» Work item: Would you restate all of the entries verbatim, minus any images?

» Given records:
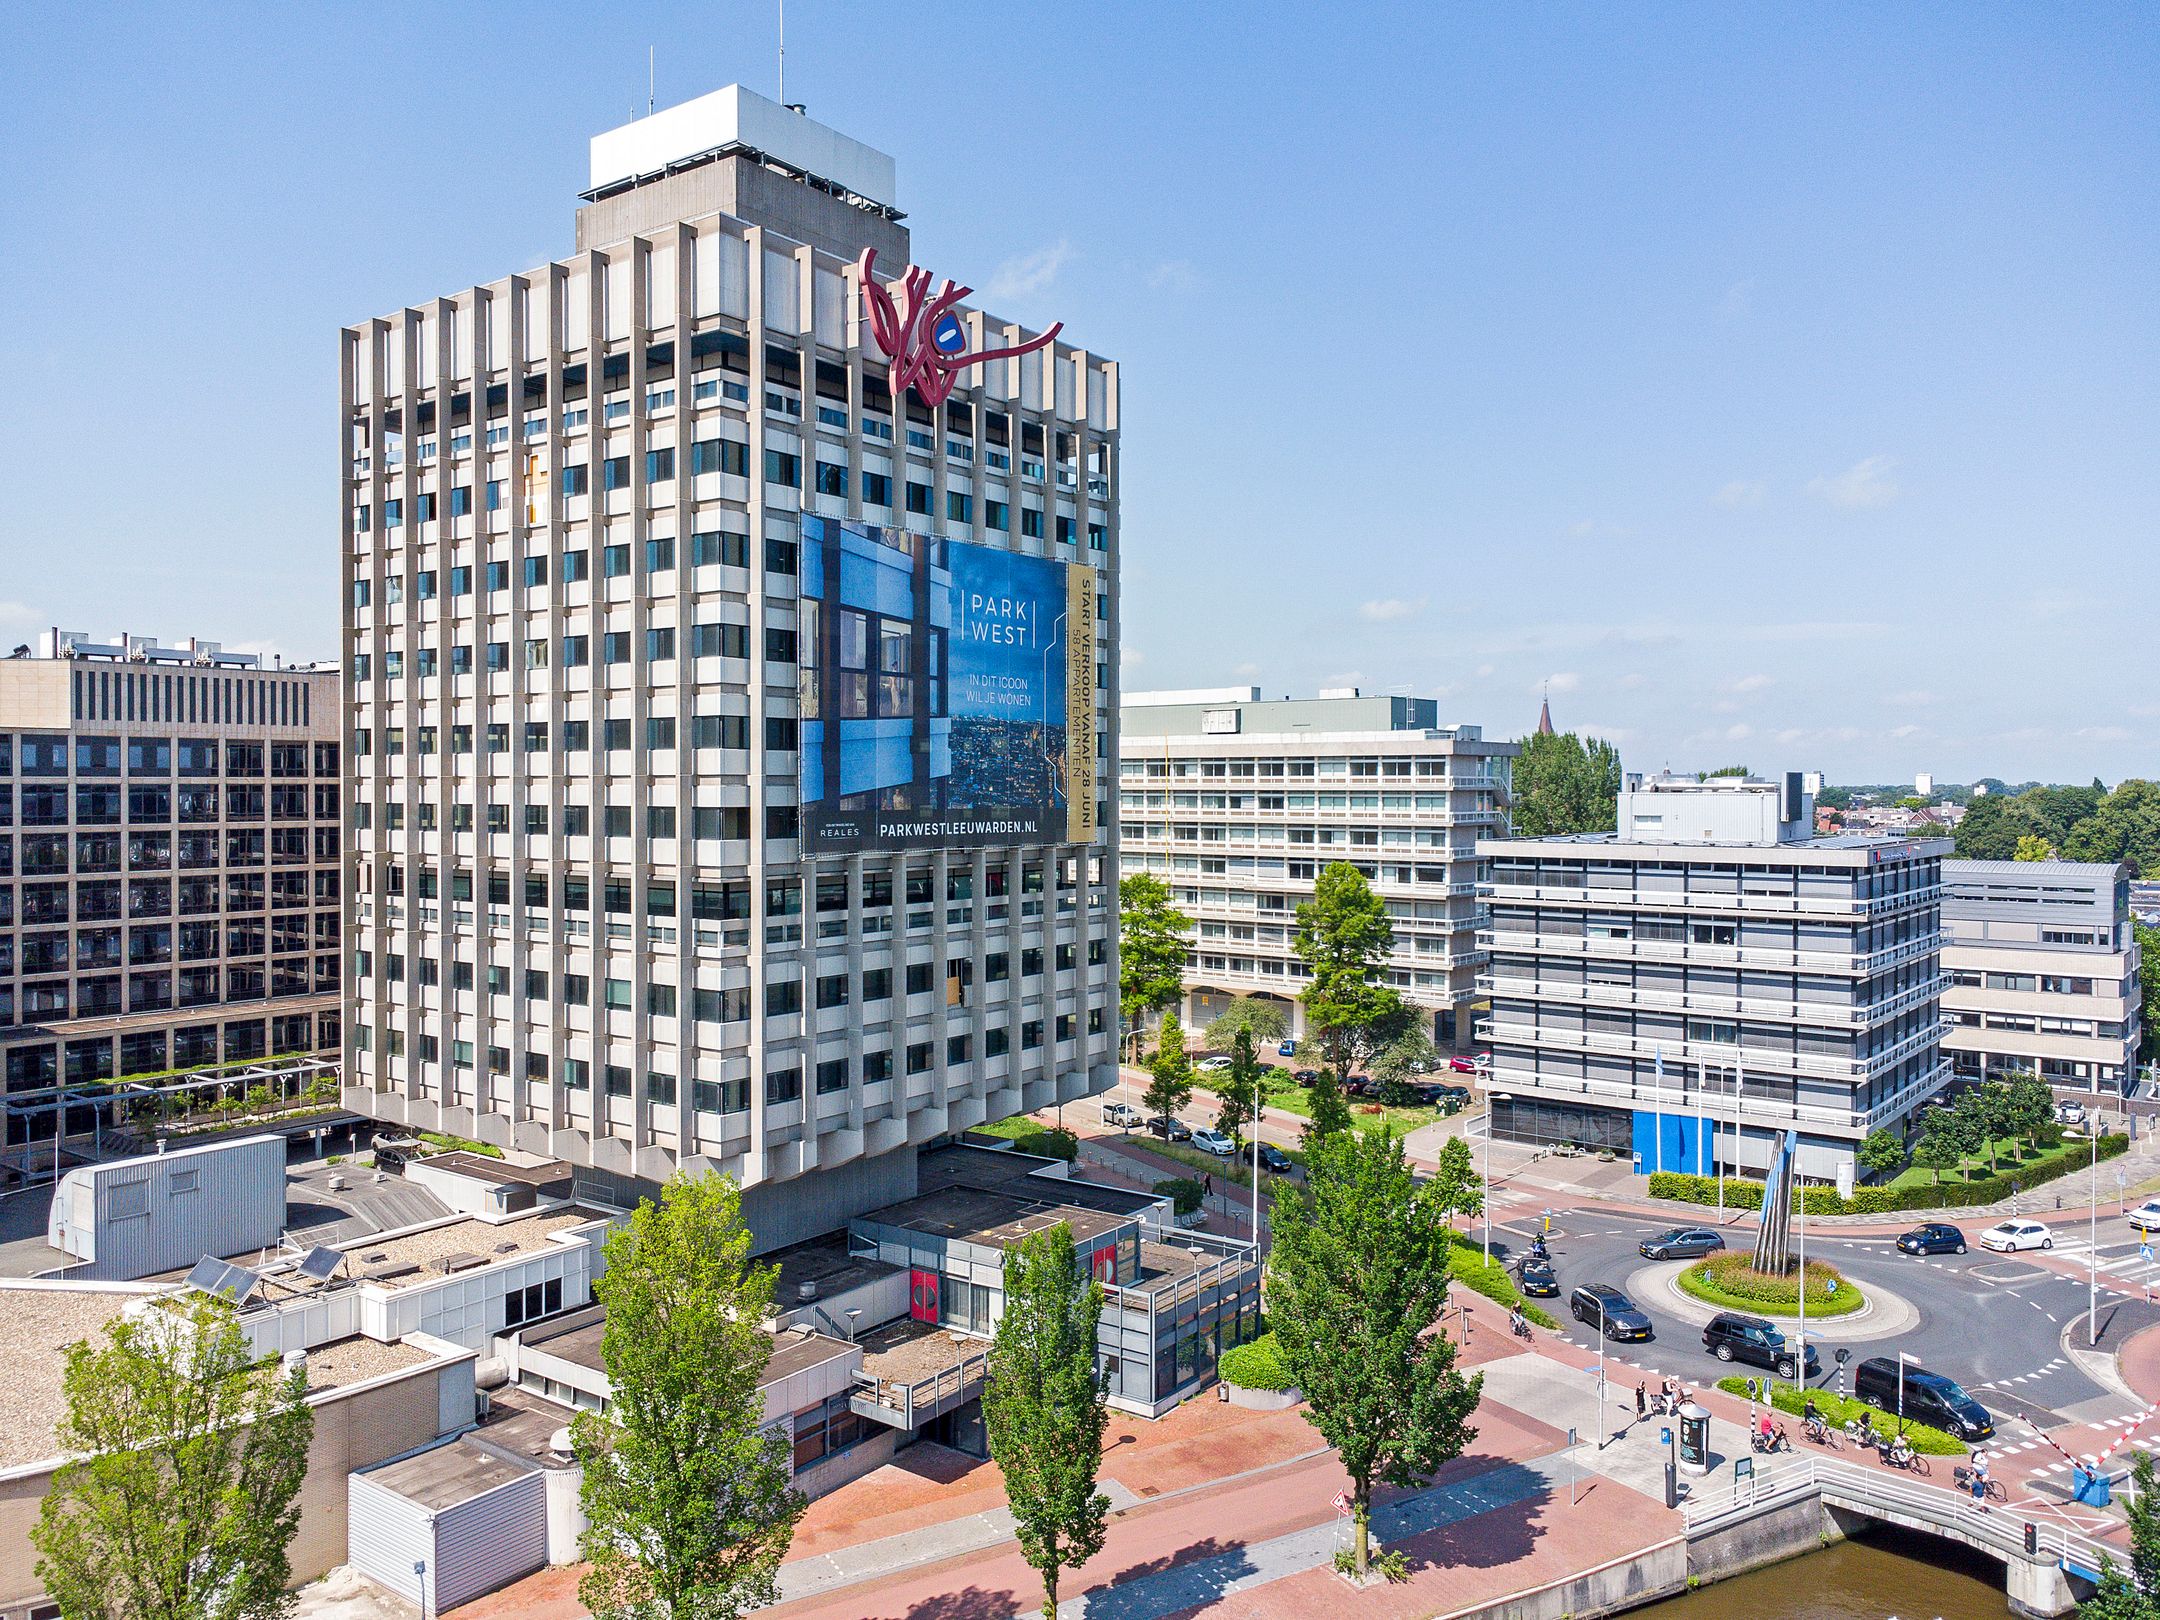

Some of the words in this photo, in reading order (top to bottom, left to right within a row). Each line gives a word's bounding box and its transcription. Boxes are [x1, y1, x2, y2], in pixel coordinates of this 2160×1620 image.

[972, 594, 1027, 621] PARK
[1082, 579, 1091, 629] START
[971, 621, 1027, 646] WEST
[1073, 629, 1081, 645] 58
[969, 673, 980, 686] IN
[981, 674, 997, 688] DIT
[998, 676, 1028, 690] ICOON
[1082, 634, 1091, 708] VERKOOP
[966, 690, 983, 703] WIL
[984, 692, 996, 704] JE
[998, 693, 1031, 706] WONEN
[1073, 648, 1081, 777] APPARTEMENTEN
[1082, 712, 1091, 765] VANAF
[1082, 769, 1091, 788] 28
[1082, 792, 1091, 828] JUNI
[820, 828, 860, 837] REALES
[880, 821, 1038, 837] PARKWESTLEEUWARDEN.NL
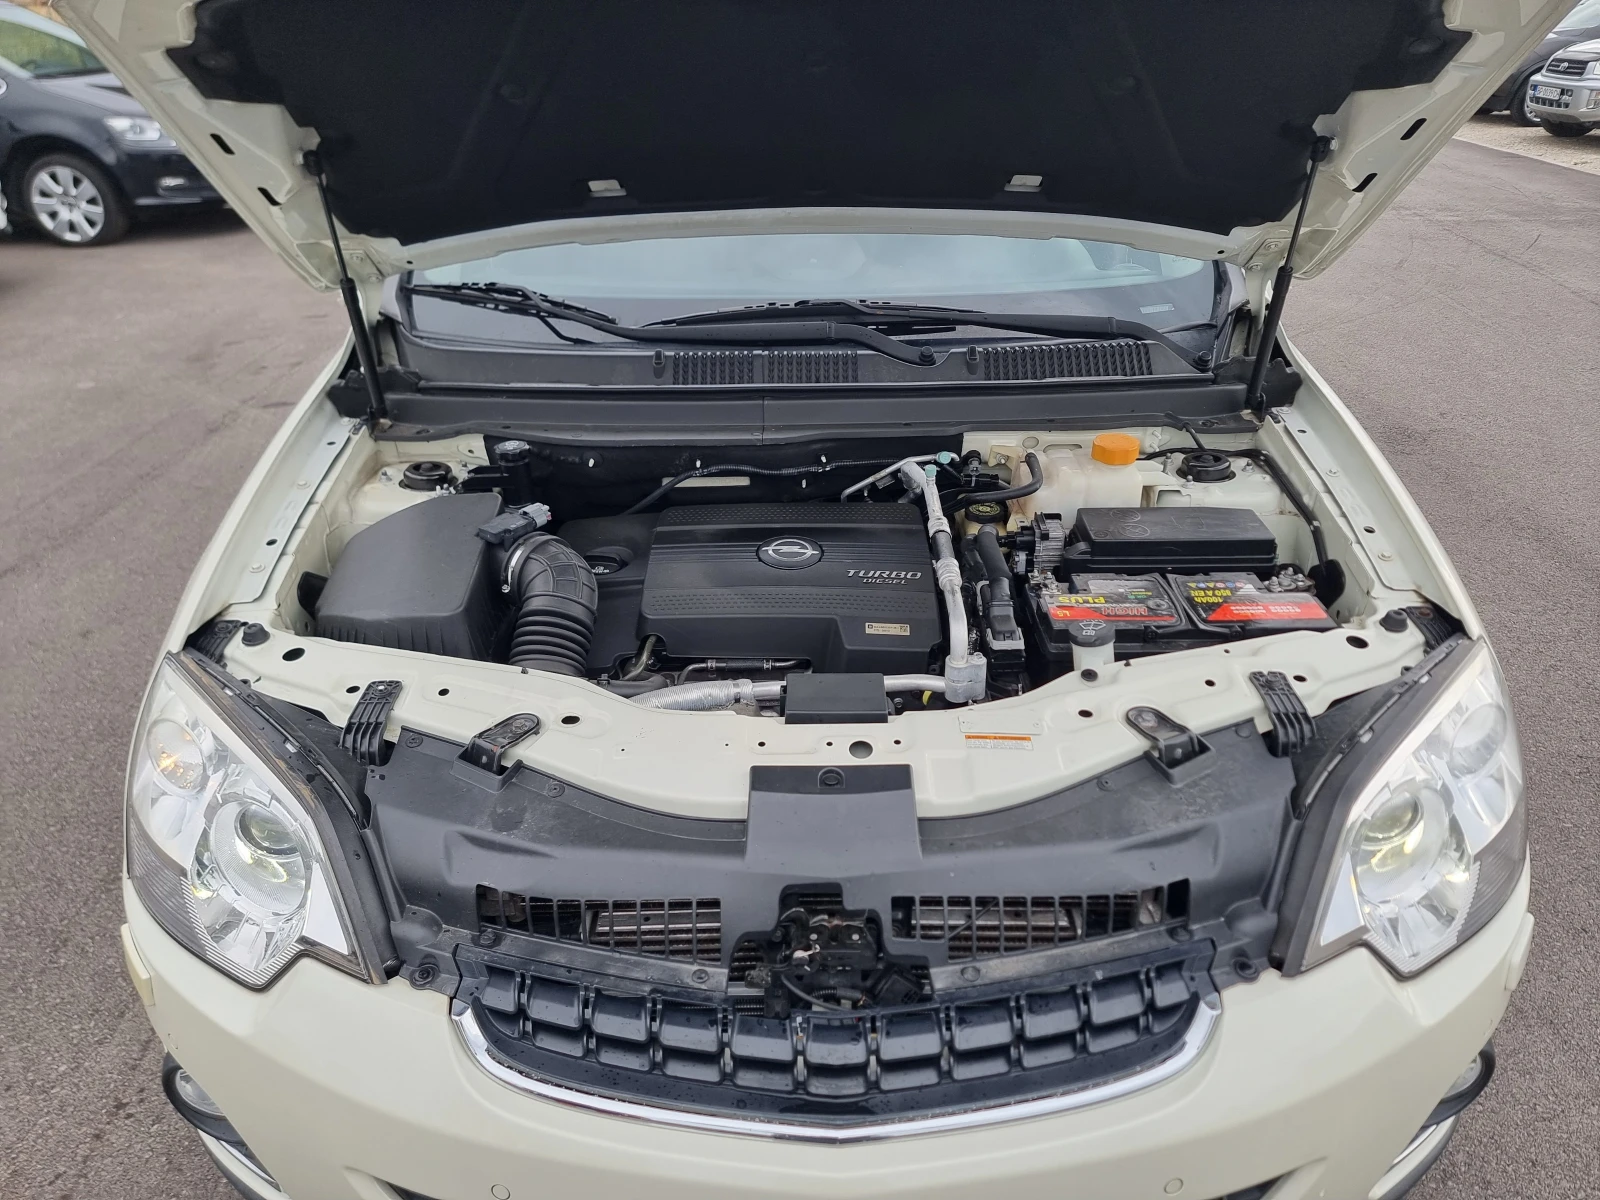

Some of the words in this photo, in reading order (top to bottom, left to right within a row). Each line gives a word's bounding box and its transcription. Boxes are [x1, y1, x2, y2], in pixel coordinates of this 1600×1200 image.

[847, 569, 922, 579] TURBO
[1058, 595, 1106, 604] PLUS
[1194, 596, 1224, 604] 100Ah
[1101, 606, 1148, 616] HIGH

» Answer to the exercise:
Some of the words in this photo, in reading order (top to bottom, left to right within a row). Each line gives a word's bounding box and its transcription. Boxes are [x1, y1, x2, y2], in pixel coordinates of this 2160×1620 image.

[972, 594, 1027, 621] PARK
[1082, 579, 1091, 629] START
[971, 621, 1027, 646] WEST
[1073, 629, 1081, 645] 58
[969, 673, 980, 686] IN
[981, 674, 997, 688] DIT
[998, 676, 1028, 690] ICOON
[1082, 634, 1091, 708] VERKOOP
[966, 690, 983, 703] WIL
[984, 692, 996, 704] JE
[998, 693, 1031, 706] WONEN
[1073, 648, 1081, 777] APPARTEMENTEN
[1082, 712, 1091, 765] VANAF
[1082, 769, 1091, 788] 28
[1082, 792, 1091, 828] JUNI
[820, 828, 860, 837] REALES
[880, 821, 1038, 837] PARKWESTLEEUWARDEN.NL

Some of the words in this photo, in reading order (top to bottom, left to right within a row). Each line gives a word's bounding box and its transcription. Boxes are [x1, y1, x2, y2], in pixel coordinates of this 1600×1200 image.

[847, 569, 922, 579] TURBO
[1058, 595, 1106, 604] PLUS
[1194, 596, 1224, 604] 100Ah
[1101, 606, 1148, 616] HIGH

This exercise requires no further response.